More People Spending More Time in Front of More Screens: The Case for an Update to Our Daily Eye Care

If you're not proactively taking care of your eyes, now is the time to start!

With the average American spending over 7 hours looking at a screen each day, cases of dry and irritated eyes are becoming more common. More people are spending more hours overstraining their eye muscles and risking complications that can cost them their vision. While the science around blue light damage is still developing, if nothing else, we’re wearing our eyes to the bone — or socket — in a way the human body has never experienced before. 

An estimated 14 million Americans are already visually impaired, but whenever I ask people, “What good things do you do for your eyes?” most can’t answer the question. They don’t even know there’s anything good they can do. With so much screen time only bound to increase for more people, and known and unknown health effects on our eyes already causing concern, it’s time we found a better answer to that question and learned to do some good things for our eyes.  

What We Know

Although the rising screen time phenomenon is new and still being studied, we can speak confidently about some things happening to our eyes. Anyone who has sat staring at a screen all day has likely felt dry, irritated, and fatigued eyes – a confirmed side effect of extended screen time. Science had already made this link long before COVID-19, but researchers now expect cases to rise exponentially along with device use. They found dry eyes could be painful, and people suffering them experience higher rates of depression and even suicide. But they also found less screen time automatically helped reverse the symptoms and more time outside indicated signs of protection against it.
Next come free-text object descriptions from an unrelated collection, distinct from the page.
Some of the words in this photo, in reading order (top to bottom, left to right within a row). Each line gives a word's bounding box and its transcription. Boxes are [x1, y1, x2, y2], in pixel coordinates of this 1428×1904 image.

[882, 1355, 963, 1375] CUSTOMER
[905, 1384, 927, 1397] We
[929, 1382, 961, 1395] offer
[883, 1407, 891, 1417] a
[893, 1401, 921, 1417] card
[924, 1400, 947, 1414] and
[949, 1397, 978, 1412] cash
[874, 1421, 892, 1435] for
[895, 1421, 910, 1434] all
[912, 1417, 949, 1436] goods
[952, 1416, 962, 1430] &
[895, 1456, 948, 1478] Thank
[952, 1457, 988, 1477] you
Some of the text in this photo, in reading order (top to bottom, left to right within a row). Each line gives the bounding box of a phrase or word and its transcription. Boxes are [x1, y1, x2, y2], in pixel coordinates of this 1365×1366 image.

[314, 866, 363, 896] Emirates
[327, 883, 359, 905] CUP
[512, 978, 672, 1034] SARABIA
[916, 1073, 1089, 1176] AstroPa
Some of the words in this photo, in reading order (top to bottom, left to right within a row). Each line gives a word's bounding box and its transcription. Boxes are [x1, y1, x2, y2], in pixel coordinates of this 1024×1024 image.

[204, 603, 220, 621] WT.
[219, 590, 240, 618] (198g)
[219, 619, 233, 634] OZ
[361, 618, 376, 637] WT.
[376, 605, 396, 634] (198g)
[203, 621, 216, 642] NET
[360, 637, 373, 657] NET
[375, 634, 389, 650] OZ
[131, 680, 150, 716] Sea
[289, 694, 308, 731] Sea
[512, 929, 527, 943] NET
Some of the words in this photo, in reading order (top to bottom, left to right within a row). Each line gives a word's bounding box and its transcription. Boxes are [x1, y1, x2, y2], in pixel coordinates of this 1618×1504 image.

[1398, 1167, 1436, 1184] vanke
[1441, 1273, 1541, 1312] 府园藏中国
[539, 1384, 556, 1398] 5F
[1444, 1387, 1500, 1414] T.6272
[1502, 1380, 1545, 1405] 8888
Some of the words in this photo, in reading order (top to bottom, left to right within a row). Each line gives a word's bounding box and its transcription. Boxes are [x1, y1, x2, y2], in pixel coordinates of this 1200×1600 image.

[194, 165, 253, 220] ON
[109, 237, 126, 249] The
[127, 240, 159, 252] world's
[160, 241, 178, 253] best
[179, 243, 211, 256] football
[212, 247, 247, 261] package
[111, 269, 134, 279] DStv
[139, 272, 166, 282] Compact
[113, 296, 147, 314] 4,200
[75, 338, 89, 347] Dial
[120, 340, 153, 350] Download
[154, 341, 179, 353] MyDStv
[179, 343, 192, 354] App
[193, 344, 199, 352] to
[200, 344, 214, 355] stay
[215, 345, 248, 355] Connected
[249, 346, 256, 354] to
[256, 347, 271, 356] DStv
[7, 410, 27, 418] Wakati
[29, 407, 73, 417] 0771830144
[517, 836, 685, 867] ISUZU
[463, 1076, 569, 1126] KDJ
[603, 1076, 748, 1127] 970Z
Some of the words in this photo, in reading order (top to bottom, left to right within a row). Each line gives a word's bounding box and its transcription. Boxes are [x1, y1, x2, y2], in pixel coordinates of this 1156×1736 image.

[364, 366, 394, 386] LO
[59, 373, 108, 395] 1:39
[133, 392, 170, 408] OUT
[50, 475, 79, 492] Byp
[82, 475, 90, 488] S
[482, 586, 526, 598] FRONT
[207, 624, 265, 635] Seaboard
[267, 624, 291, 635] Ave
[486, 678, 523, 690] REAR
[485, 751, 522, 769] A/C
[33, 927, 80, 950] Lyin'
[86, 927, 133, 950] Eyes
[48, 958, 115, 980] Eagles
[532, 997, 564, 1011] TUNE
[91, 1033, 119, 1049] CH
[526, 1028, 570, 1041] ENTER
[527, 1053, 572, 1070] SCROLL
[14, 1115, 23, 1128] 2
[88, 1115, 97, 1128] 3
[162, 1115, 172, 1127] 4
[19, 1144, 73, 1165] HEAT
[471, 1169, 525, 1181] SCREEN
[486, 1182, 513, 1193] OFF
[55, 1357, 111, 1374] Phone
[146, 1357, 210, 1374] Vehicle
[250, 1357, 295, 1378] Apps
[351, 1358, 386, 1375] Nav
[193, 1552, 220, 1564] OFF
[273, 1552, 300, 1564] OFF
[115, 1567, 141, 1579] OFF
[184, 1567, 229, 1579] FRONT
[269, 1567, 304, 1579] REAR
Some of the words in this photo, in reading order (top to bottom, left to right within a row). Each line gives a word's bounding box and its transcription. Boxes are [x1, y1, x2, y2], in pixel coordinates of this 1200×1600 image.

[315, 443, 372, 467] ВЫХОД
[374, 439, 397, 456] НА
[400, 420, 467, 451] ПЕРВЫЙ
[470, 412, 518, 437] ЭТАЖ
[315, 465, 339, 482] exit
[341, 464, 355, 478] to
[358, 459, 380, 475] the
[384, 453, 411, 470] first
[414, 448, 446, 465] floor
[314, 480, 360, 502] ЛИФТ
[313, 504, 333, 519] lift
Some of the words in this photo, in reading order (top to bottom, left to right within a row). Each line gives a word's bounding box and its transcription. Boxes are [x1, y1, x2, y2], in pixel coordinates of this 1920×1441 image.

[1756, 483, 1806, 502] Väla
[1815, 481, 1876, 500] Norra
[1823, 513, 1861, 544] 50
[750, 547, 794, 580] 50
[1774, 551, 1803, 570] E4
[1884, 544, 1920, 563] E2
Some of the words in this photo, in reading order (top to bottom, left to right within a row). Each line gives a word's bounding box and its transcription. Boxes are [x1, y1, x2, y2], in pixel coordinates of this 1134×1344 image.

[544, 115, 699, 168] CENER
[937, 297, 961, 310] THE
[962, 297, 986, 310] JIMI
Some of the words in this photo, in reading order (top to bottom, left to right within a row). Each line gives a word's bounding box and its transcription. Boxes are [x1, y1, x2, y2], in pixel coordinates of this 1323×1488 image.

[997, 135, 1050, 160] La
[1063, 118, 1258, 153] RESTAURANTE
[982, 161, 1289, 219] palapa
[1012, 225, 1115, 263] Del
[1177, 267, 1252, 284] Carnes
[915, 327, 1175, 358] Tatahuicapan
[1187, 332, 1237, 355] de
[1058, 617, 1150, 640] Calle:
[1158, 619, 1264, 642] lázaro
While it may take more time for unknown effects to surface, we know that blue light can disrupt sleep and disturb the circadian rhythm — all bad news for work performance and health. Poor sleep can result in daytime fatigue, moodiness, impaired memory, and alertness; in the long-term, it can cause depression, poor immune function, and an increased risk for chronic illness. To prevent this disruption, we can avoid using our devices in the hours before bed, or if necessary, use them in night mode or while wearing blue-light blocking glasses, and still reap the benefits of a good night’s sleep.

What We May Not Need to Worry About

While some research has raised the alarm about blue light damage to the eyes, the average person may not have too much to worry about. Blue light has more energy per photon than other visible colors. Studies have shown that blue light increases reactive oxygen species activity in the skin and eyes and can cause oxidative damage to those cells. White LED light emits more blue light than traditional sources, and most modern devices rely on LED screens, which often have white backlit displays that produce higher amounts of blue light. Despite all this, scientists have determined that the amount of blue light emitted from consumer electronics isn’t harmful enough to cause permanent retinal damage and even retail lighting or the sun emits stronger blue waves.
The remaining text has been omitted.